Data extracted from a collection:
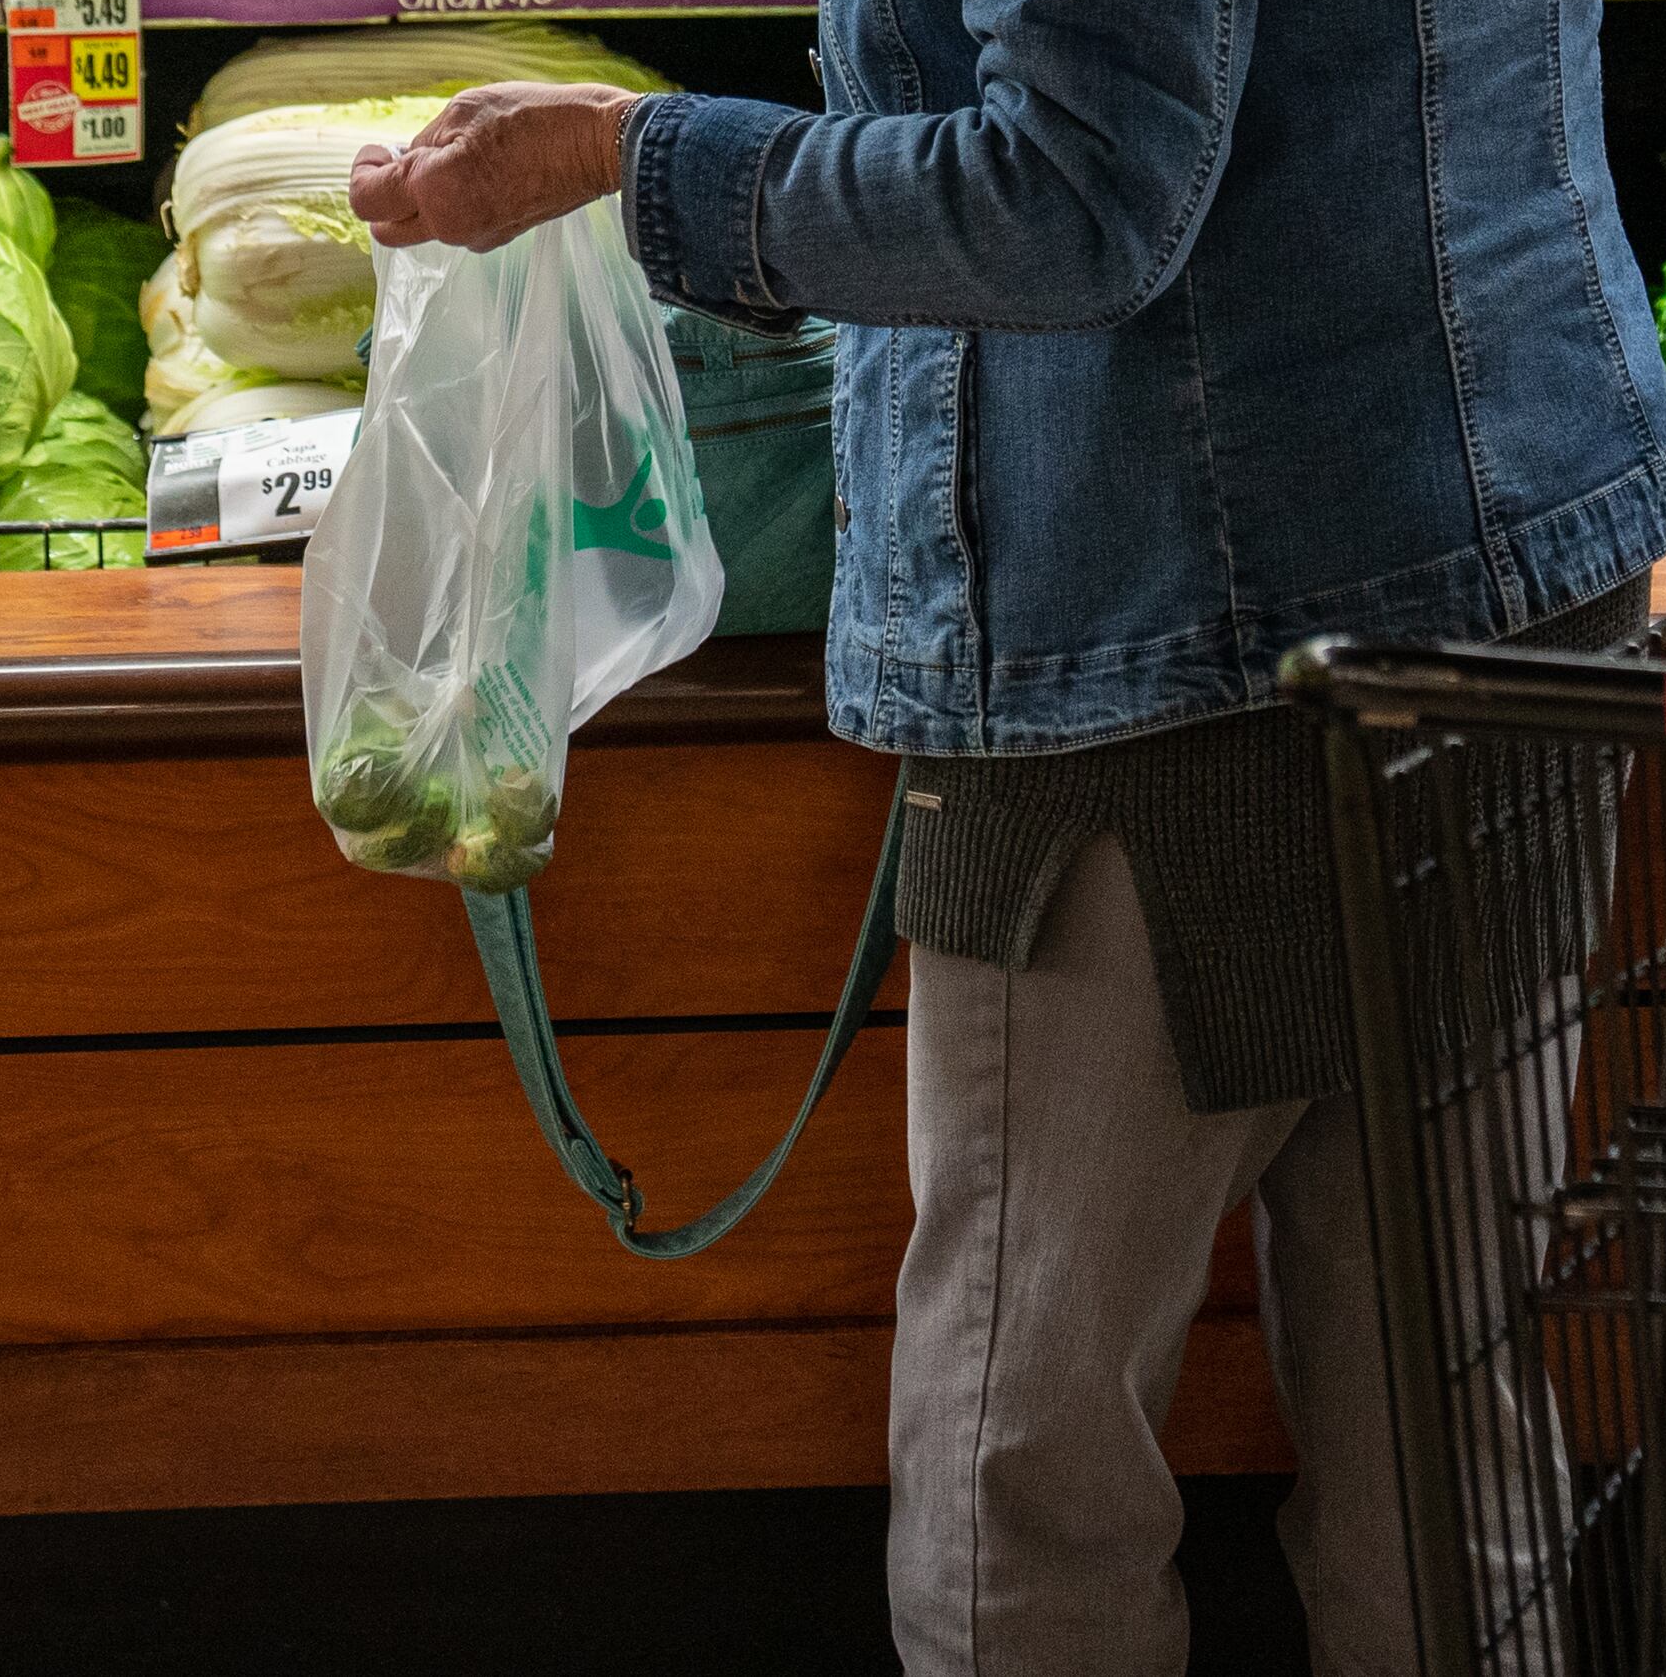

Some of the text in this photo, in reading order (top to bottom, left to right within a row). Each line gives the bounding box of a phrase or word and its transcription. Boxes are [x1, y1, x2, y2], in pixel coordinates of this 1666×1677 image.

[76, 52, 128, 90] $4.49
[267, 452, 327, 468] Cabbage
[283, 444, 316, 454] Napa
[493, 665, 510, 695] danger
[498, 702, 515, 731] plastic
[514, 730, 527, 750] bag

▶ _Exercise instructions_
Would you return the data exactly as written, without the pictures?

▶ _Response_
Some of the text in this photo, in reading order (top to bottom, left to right within a row). Each line gives the bounding box of a phrase or word and its transcription. Boxes are [x1, y1, x2, y2], in pixel coordinates of this 1666×1677 image.

[76, 52, 128, 90] $4.49
[267, 452, 327, 468] Cabbage
[283, 444, 316, 454] Napa
[493, 665, 510, 695] danger
[498, 702, 515, 731] plastic
[514, 730, 527, 750] bag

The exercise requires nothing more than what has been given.